AWS VPC Flow Log Configuration Steps (via S3)

1. Create a S3 bucket to Write VPC Flow Logs to

S3 Bucket Region Recommendations

We recommend creating a S3 bucket for each region you have VPCs in, and directing the flow logs for each VPC to a S3 bucket in the same region. This minimizes write latency and cost.

If you want to use a single S3 bucket instead for simplicity, we recommend creating the S3 bucket in us-east-1. This minimizes read latency and cost, at the expense of write latency.

The configuration to avoid is having a single S3 bucket in a region that is NOT us-east-1. This will double your cross-region data transfer cost. This is a supported configuration, just not optimized for cost.

ℹ️

Why regional alignment of S3 bucket(s) matter

Although you can write VPC Flow Logs to a bucket in any region, co-locating the bucket with either the VPC or Netography’s ingest endpoint (us-east-1) minimizes both latency and data-transfer fees:

  • Latency
    • Same-region writes (co-located with the VPC) or reads (us-east-1) avoid extra network hops.
  • Cost
    • Intra-region data transfers are free.
    • Cross-region writes (e.g. eu-west-1 → us-east-1) incur standard AWS cross region data transfer fees.
    • Cross-region reads (S3 → us-east-1) likewise incur cross region data transfer fees unless the bucket lives in us-east-1where Netography ingest reads from.

Deployment patterns

Bucket LocationCross-Region WriteCross-Region ReadNotes
Same as VPCNoYes, unless VPC is in us-east-1Best for low-latency writes; one cross-region hop.
us-east-1 (Fusion ingest)Yes, unless VPC is in us-east-1NoOne cross-region hop on write; zero on read.
Neither same as VPC nor us-east-1YesYesTwo cross-region hops—write and read—double the cross region data transfer fees.

1. IAM Policy and Custom Role for Netography to read flow logs from your S3

In order for Netography to automatically ingest flow logs from AWS, it needs to have permissions to fetch objects from S3.

Option 1: CloudFormation Stack

To make this process easier, we've provided the netography-base.yaml CloudFormation template, which can be found along with detailed instructions here: https://docs.netography.com/docs/netography-aws-cloudformation-automation#1-iam-policy-and-custom-role-for-netography. To deploy only the IAM roles, follow step 1 - only deploying the roles with no lambdas.
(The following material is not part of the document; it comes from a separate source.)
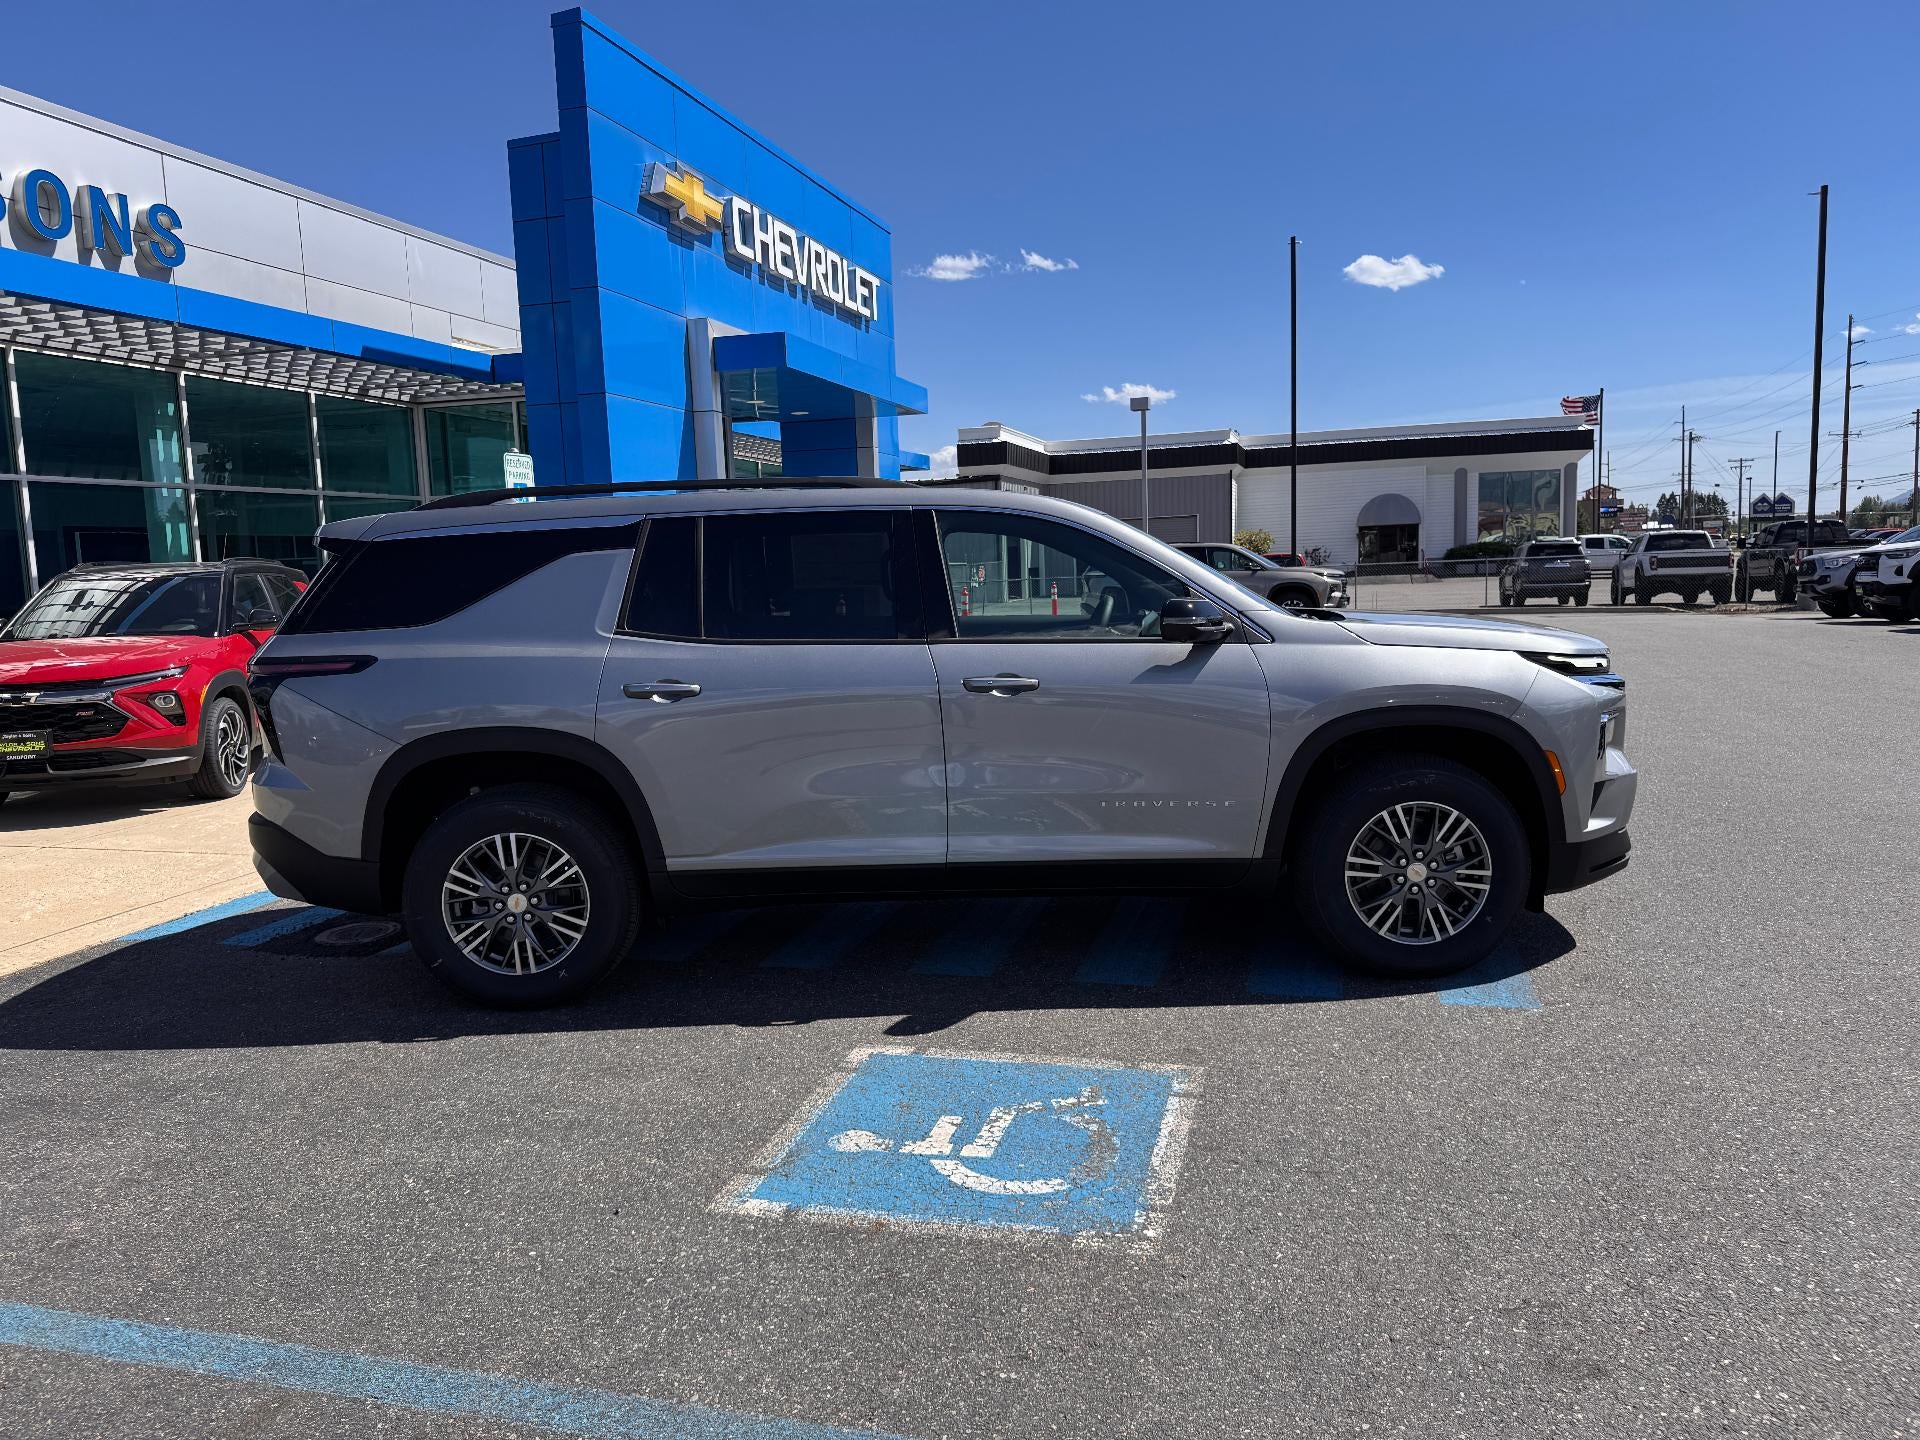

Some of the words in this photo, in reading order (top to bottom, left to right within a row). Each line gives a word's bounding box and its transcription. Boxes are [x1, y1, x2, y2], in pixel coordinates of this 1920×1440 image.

[0, 166, 186, 268] ONS
[730, 196, 881, 321] CHEVROLET
[1100, 800, 1237, 808] TRAVERSE
Option 2: Manual Deployment

If you would rather navigate through this process manually, see the documentation below.

AWS VPC via S3 Setup (AWS Console method)

AWS VPC via S3 Setup (CloudFormation method)

Additionally, if you would like to use a SNS topic or SQS queue, these steps from the AWS Quickstart Guide also provide some additional step by step instructions:

Create IAM policy

Create custom role

Note: These are optional. You can omit the optional SQS/SNS related permissions. Using SQS/SNS provides a trigger based mechanism for Netography to read new flow log files as they are written to S3. However, the latency difference may not be that critical to your use case, and so if you are building out your own automation you can simplify things by not using the optional SQS/SNS triggers. The examples shown below also omit these for simplicity.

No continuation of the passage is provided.